• **TASK ITEM**
The answer should consist of all the records, copied exactly.

• **DATA FOR THE TASK**

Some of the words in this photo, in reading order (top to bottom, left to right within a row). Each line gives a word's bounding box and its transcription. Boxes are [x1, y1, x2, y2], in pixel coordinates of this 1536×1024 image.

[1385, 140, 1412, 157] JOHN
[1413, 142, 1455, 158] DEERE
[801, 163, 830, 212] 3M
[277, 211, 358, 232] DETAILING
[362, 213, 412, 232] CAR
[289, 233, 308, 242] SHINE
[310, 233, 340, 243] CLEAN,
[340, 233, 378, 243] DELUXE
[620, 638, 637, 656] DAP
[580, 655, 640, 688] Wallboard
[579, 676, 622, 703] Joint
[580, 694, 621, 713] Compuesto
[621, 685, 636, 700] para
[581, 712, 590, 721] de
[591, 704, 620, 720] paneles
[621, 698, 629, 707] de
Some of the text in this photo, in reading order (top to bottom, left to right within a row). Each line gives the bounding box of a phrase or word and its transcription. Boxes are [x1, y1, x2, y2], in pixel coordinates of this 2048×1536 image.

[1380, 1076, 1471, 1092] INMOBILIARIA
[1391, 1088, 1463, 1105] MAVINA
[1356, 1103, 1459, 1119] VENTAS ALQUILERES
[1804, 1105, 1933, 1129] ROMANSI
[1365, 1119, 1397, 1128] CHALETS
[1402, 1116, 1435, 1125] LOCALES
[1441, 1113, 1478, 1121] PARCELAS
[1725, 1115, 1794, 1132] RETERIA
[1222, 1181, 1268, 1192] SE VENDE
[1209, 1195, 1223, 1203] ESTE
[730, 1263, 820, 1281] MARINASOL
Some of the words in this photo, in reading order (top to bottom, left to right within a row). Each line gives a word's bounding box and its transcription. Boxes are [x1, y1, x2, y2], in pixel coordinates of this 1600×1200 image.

• **YOUR SOLUTION**
Some of the words in this photo, in reading order (top to bottom, left to right within a row). Each line gives a word's bounding box and its transcription. Boxes are [x1, y1, x2, y2], in pixel coordinates of this 1536×1024 image.

[1385, 140, 1412, 157] JOHN
[1413, 142, 1455, 158] DEERE
[801, 163, 830, 212] 3M
[277, 211, 358, 232] DETAILING
[362, 213, 412, 232] CAR
[289, 233, 308, 242] SHINE
[310, 233, 340, 243] CLEAN,
[340, 233, 378, 243] DELUXE
[620, 638, 637, 656] DAP
[580, 655, 640, 688] Wallboard
[579, 676, 622, 703] Joint
[580, 694, 621, 713] Compuesto
[621, 685, 636, 700] para
[581, 712, 590, 721] de
[591, 704, 620, 720] paneles
[621, 698, 629, 707] de
Some of the text in this photo, in reading order (top to bottom, left to right within a row). Each line gives the bounding box of a phrase or word and its transcription. Boxes are [x1, y1, x2, y2], in pixel coordinates of this 2048×1536 image.

[1380, 1076, 1471, 1092] INMOBILIARIA
[1391, 1088, 1463, 1105] MAVINA
[1356, 1103, 1459, 1119] VENTAS ALQUILERES
[1804, 1105, 1933, 1129] ROMANSI
[1365, 1119, 1397, 1128] CHALETS
[1402, 1116, 1435, 1125] LOCALES
[1441, 1113, 1478, 1121] PARCELAS
[1725, 1115, 1794, 1132] RETERIA
[1222, 1181, 1268, 1192] SE VENDE
[1209, 1195, 1223, 1203] ESTE
[730, 1263, 820, 1281] MARINASOL
Some of the words in this photo, in reading order (top to bottom, left to right within a row). Each line gives a word's bounding box and its transcription. Boxes are [x1, y1, x2, y2], in pixel coordinates of this 1600×1200 image.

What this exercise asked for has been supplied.